SOURCE MATERIAL:

★ ★ ★ ★ ★ ★ ★

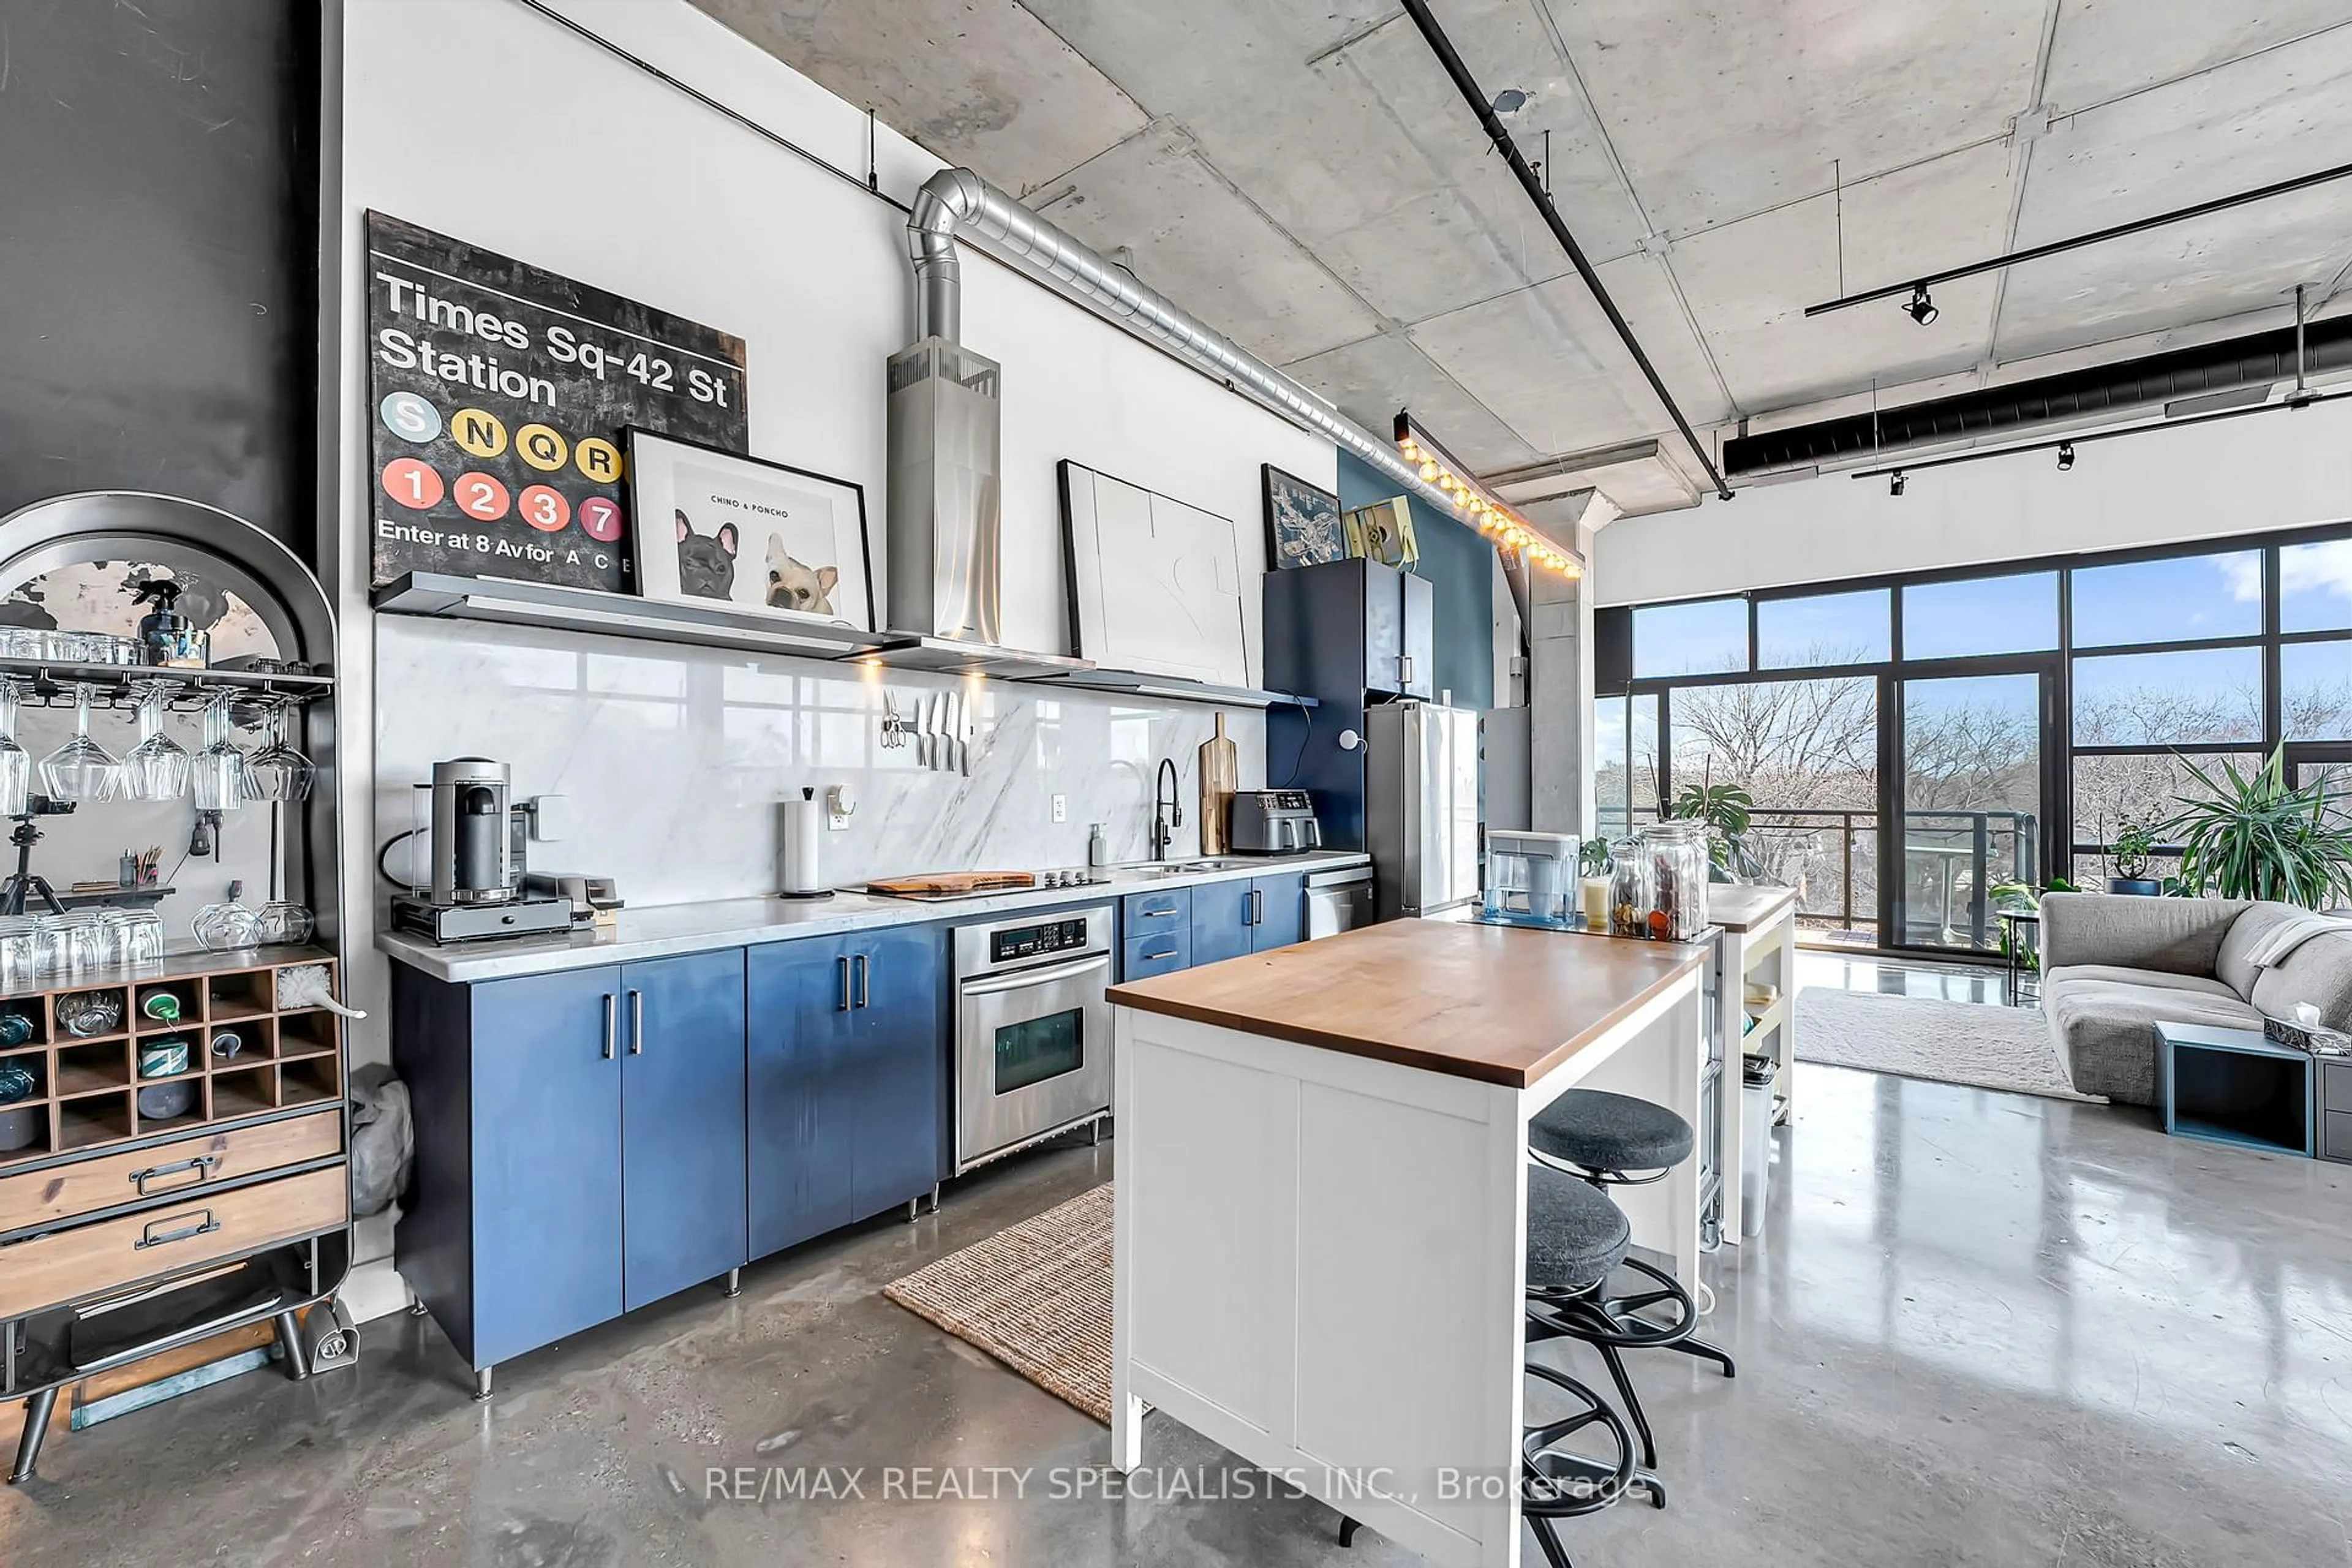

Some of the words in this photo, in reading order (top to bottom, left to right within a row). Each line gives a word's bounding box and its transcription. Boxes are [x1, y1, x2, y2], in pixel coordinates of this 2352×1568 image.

[376, 271, 529, 349] Times
[546, 326, 674, 393] Sq-42
[688, 369, 728, 408] St
[379, 328, 556, 407] Station
[394, 401, 426, 433] S
[466, 417, 494, 448] N
[529, 433, 557, 463] Q
[588, 447, 611, 474] R
[404, 470, 423, 500] 1
[470, 482, 495, 513] 2
[533, 493, 557, 525] 3
[591, 505, 612, 532] 7
[710, 495, 739, 508] CHINO
[752, 504, 788, 518] PONCHO
[377, 519, 444, 546] Enter
[448, 530, 470, 550] at
[476, 535, 490, 552] 8
[495, 539, 523, 559] Av
[525, 544, 554, 562] for
[565, 550, 581, 565] A
[594, 554, 610, 570] C

★ ★ ★ ★ ★ ★ ★

ASSIGNED TASK: Return each record exactly as given, excluding any image.

RESULT BELOW:
Some of the words in this photo, in reading order (top to bottom, left to right within a row). Each line gives a word's bounding box and its transcription. Boxes are [x1, y1, x2, y2], in pixel coordinates of this 2352×1568 image.

[376, 271, 529, 349] Times
[546, 326, 674, 393] Sq-42
[688, 369, 728, 408] St
[379, 328, 556, 407] Station
[394, 401, 426, 433] S
[466, 417, 494, 448] N
[529, 433, 557, 463] Q
[588, 447, 611, 474] R
[404, 470, 423, 500] 1
[470, 482, 495, 513] 2
[533, 493, 557, 525] 3
[591, 505, 612, 532] 7
[710, 495, 739, 508] CHINO
[752, 504, 788, 518] PONCHO
[377, 519, 444, 546] Enter
[448, 530, 470, 550] at
[476, 535, 490, 552] 8
[495, 539, 523, 559] Av
[525, 544, 554, 562] for
[565, 550, 581, 565] A
[594, 554, 610, 570] C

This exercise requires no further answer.